Ni la mentira tiene color ni la integridad identidad racial

La noticia de que la activista afroamericana Rachel Dolezal no es negra y de que mintió para construir su identidad ha encendido un interesante debate global. Muchas voces hablan de una «persona transracial» como otras son transexuales. Pero no se puede obviar la evidencia: antes de la identidad racial siempre está la integridad de la persona.

Rachel Dolezal, en una imagen de archivo. (AFP PHOTO)
Rachel Dolezal, en una imagen de archivo. (AFP PHOTO)

Rachel Dolezal es una reconocida activista por los derechos de los afroamericanos. A sus 37 años, esta profesora de estudios étnicos y africanos en la Eastern University de Washington y una de las principales líderes de la asociación NAACP (National Association for the Advancement of Coloured People) se ha situado en el ojo del huracán del debate público y su caso ha despertado un enorme interés global. Desde que sus padres hicieron saltar la noticia y trascendió que «no es negra», que no es hija de un matrimonio mixto ni que nunca tuvo ancestros negros, que se maquilla todos los días, se hace la permanente afro y se saca selfies para subirlos a su perfil diciendo que «este es mi pelo natural», su caso se ha convertido en trending topic y ha encendido un fuerte debate.

¿Cuál es el problema? Se acusa a Dolezal de no ser una «negra de verdad», de ser una «impostora racial», de construir su carrera y de ganar poder a través de un engaño. ¿O quizá era un deseo, una fantasía de «ser negra»? O como dicen muchos medios y pensadores progresistas norteamericanos que salieron en su defensa, ¿la suya era la vida de una negra atrapada en el cuerpo de una blanca? ¿Una cuestión «transracial»? ¿Un caso parecido al de Caitlyn Jenner, antiguo campeón olímpico de los 1.500 metros que tras cambiar de género hizo furor cuando posó en la portada de “Vanity Fair”?

«La cuestión no es tan simple como parece», señala en su defensa Rachel Dolezal, que a continuación argumenta una generalidad: «en definitiva, todos somos descendientes del continente africano». Su apuesta por una «negritud a la carta» puede casar con una historia americana plagada de gentes que recrean mascaradas de otras razas, de hombres como mujeres y mujeres como hombres.
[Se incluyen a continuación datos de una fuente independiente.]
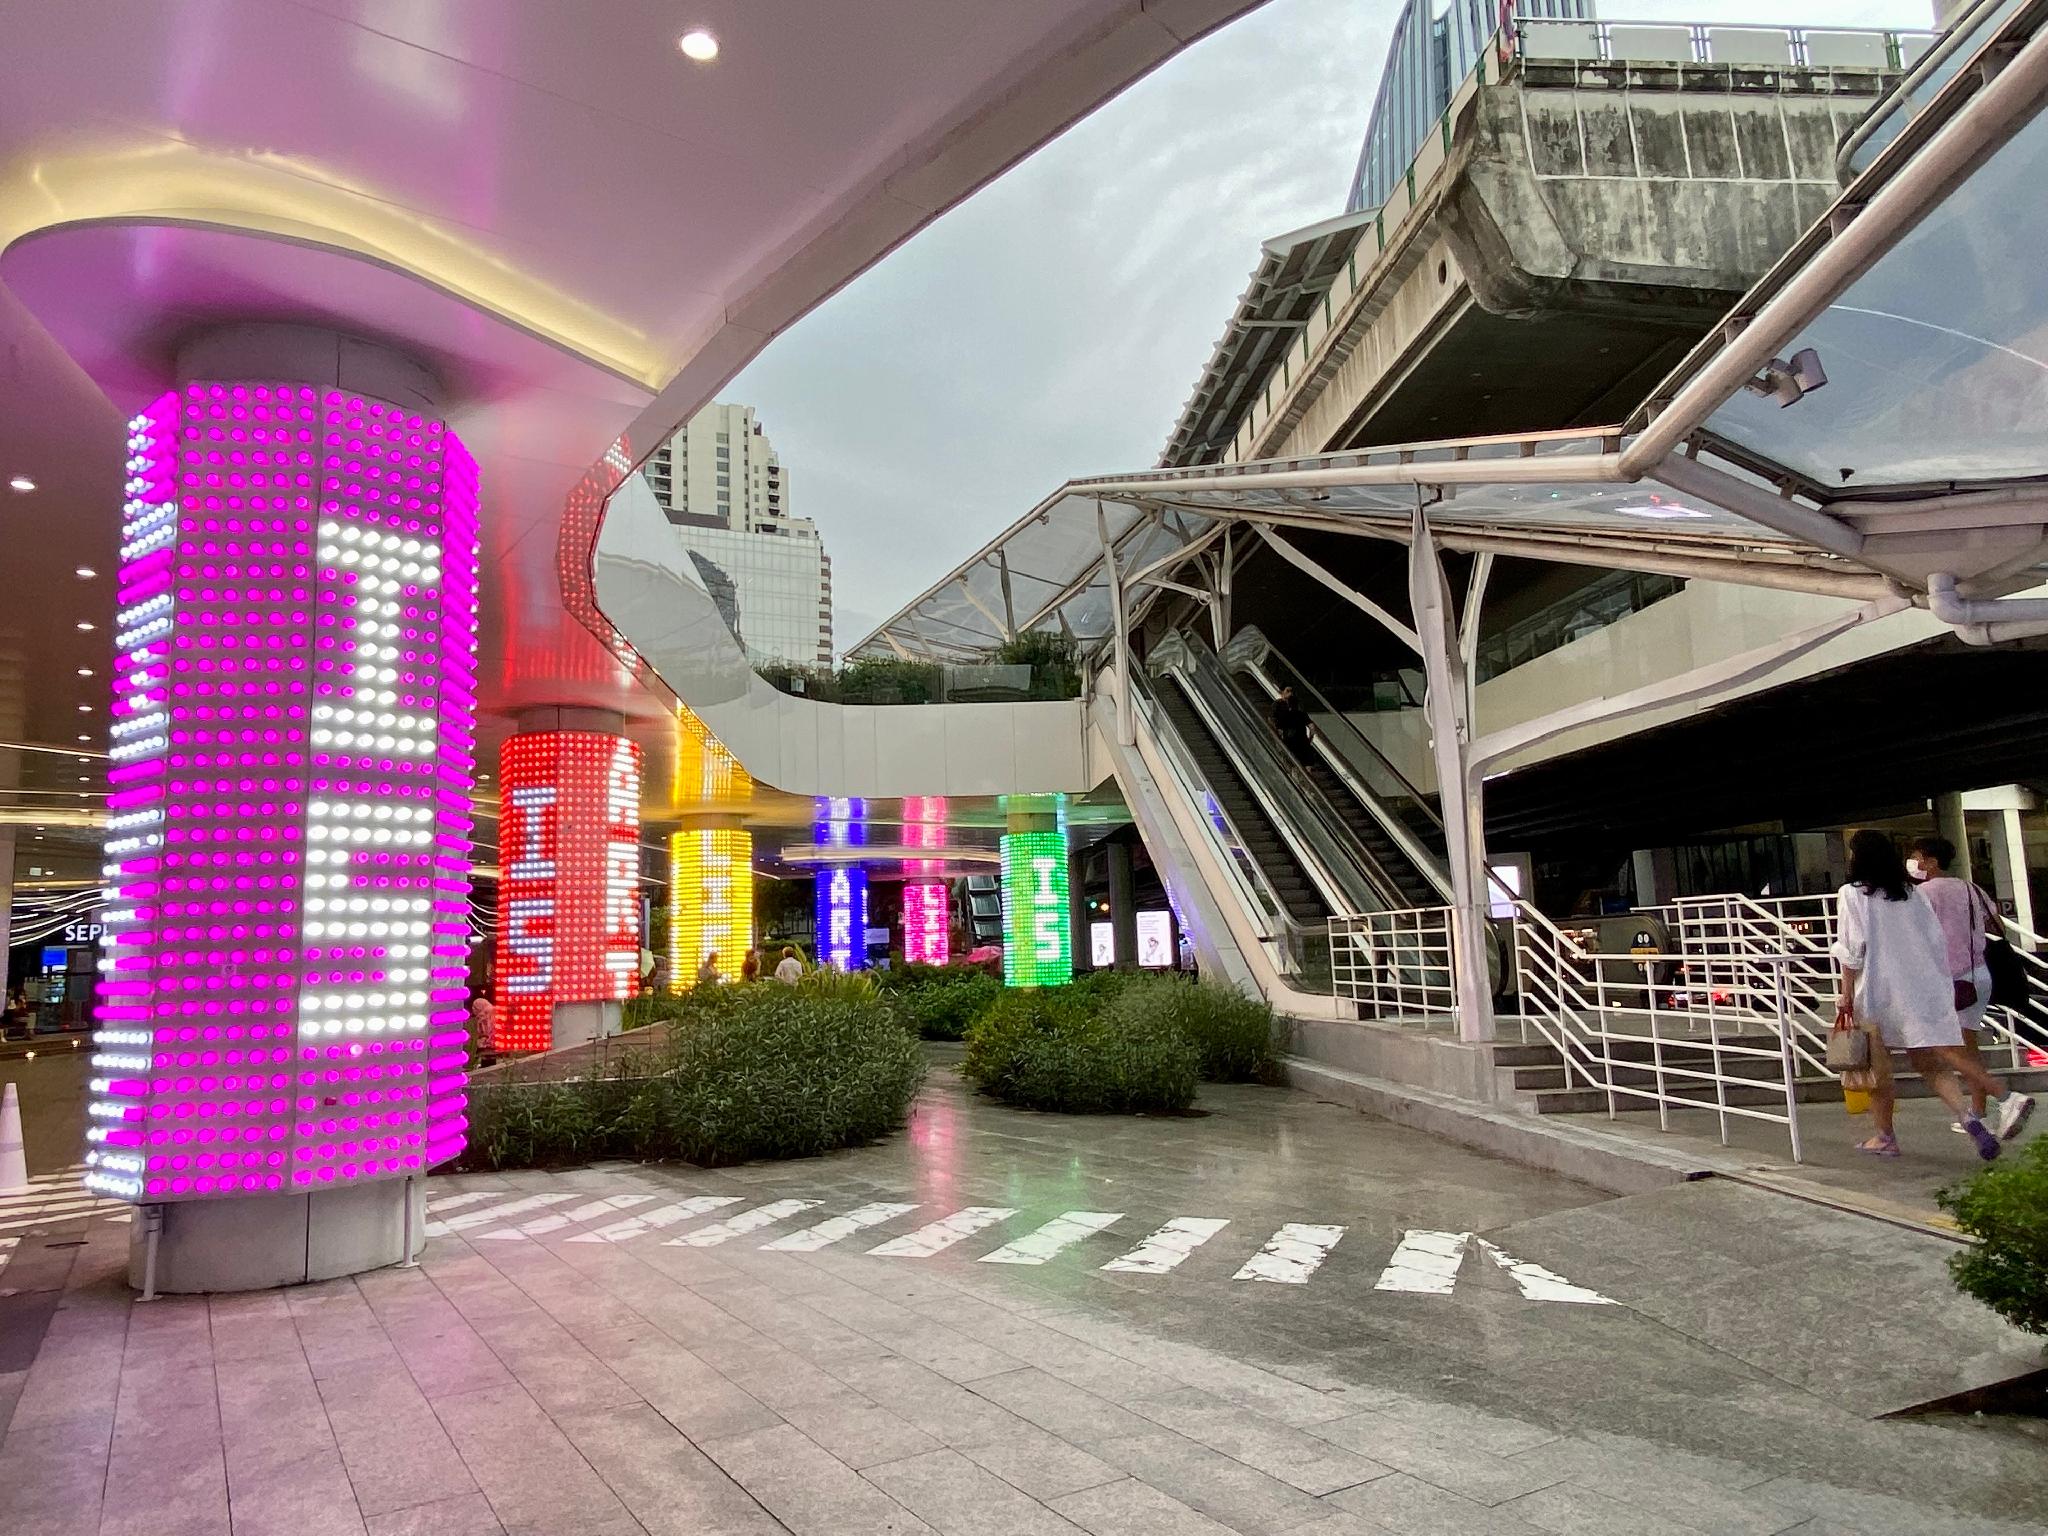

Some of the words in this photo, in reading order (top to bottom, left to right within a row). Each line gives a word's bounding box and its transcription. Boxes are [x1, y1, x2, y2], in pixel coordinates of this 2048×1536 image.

O de máximos dirigentes –Gran Dragones– del Ku Klux Klan y del Partido Nazi Americano que fueron judíos militantes o autores de best-sellers sobre las memorias de los nativos americanos que, en realidad, eran miembros del Klan y militantes segregacionistas. Ciertamente la historia está repleta de historias de gente que transgredía divisiones sociales y confeccionada identidades a su gusto, imagen y semejanza.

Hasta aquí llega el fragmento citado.